Print Services & Distribution Association
- Industry: Printing, Print distribution
- Headquarters: Chicago, IL, United States
- Area served: North America
- Key people: Matt Sanderson – Executive Vice President
- Products: Print Solutions Magazine, Print Solutions Weekly, PEAK Awards
- Services: Source Hotline, Print Solutions Conference & Expo, FOCUS Trade Shows, Technology Conference
- Number of employees: 30-50
- Website: www.psda.org

= Print Services & Distribution Association =

International trade association

The Print Services & Distribution Association (PSDA) is an international trade association for the print distribution industry. Its members include some print distributors, print resellers, agencies, printers and suppliers.

== History ==
PSDA was initially established in 1946 as the National Business Forms Association (NBFA) and evolved into the Document Management Industries Association (DMIA) in the 1990s. The association changed its name in October 2007 to Print Services & Distribution Association (PSDA) in response to changes in the industry and to give a more accurate representation of its membership base. The rebranding was formally announced at the 2007 Print Solutions Conference & Expo at the Las Vegas Convention Center in Las Vegas, Nevada.

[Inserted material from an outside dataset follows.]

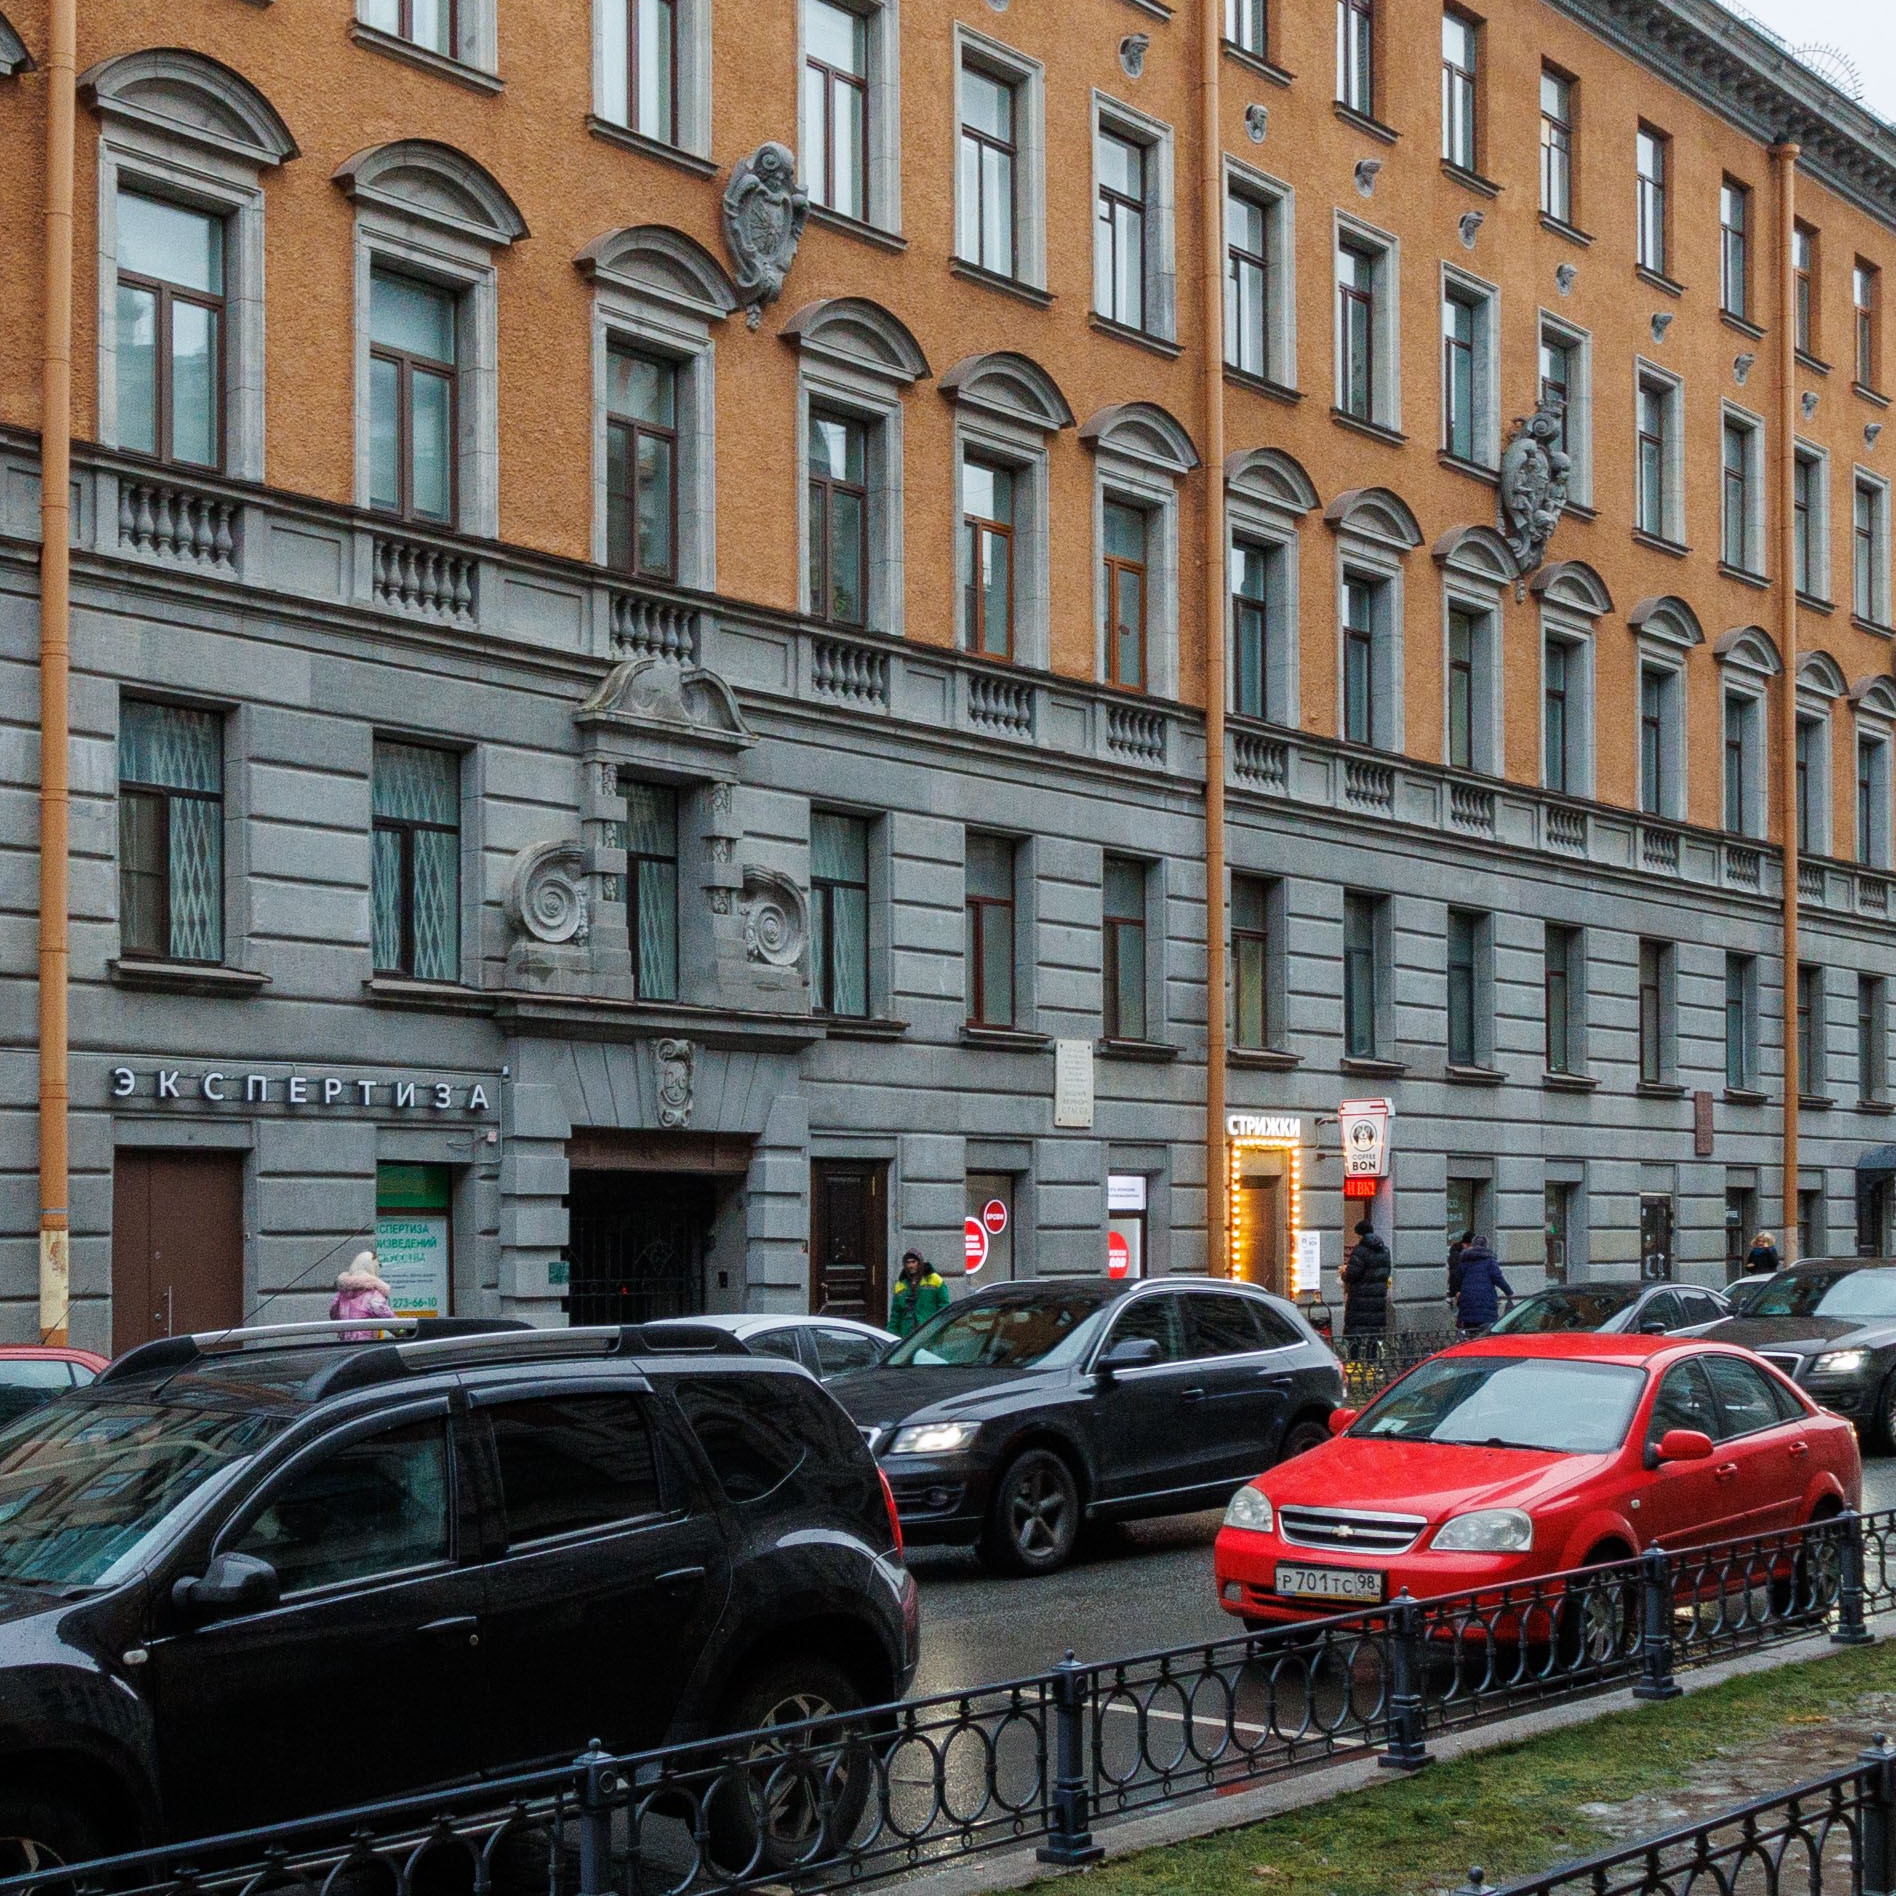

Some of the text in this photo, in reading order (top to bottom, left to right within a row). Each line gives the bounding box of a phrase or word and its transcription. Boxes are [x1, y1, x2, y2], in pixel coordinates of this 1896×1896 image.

[112, 1066, 490, 1110] ЭКСПЕРТИЗА
[1226, 1114, 1301, 1138] СТРИЖКИ
[1352, 1161, 1376, 1171] BON

Currently, PSDA has over 1000 member companies that include print distributors, promotional products distributors, advertising agencies, design firms, freelancers, trade printers, commercial printers and industry suppliers.
The majority of its membership is located within the United States, though it does boast some international affiliates. PSDA's headquarters is located in Chicago, IL.

== Events ==

PSDA hosts a diversity of national and regional events each year, some open only to members and others for anyone. These include a trade show and various other national conferences for large and small businesses and technological advancements in the industry. It also organizes local trade shows in various cities.

== Print Solutions Magazine ==
Print Solutions Magazine is a monthly trade publication that covers the print distribution industry. It has been published continuously since 1962 by PSDA, though it was previously known as FORM Magazine. It has won more than 100 awards. Each issue of the magazine contains relevant industry news, as well as sales, marketing, and management features to help readers improve their businesses, expand into new markets, and learn ways to sell print products and related services.

== Printjunkie.net ==
Printjunkie.net is a free social networking site developed to connect professionals in the printing industry.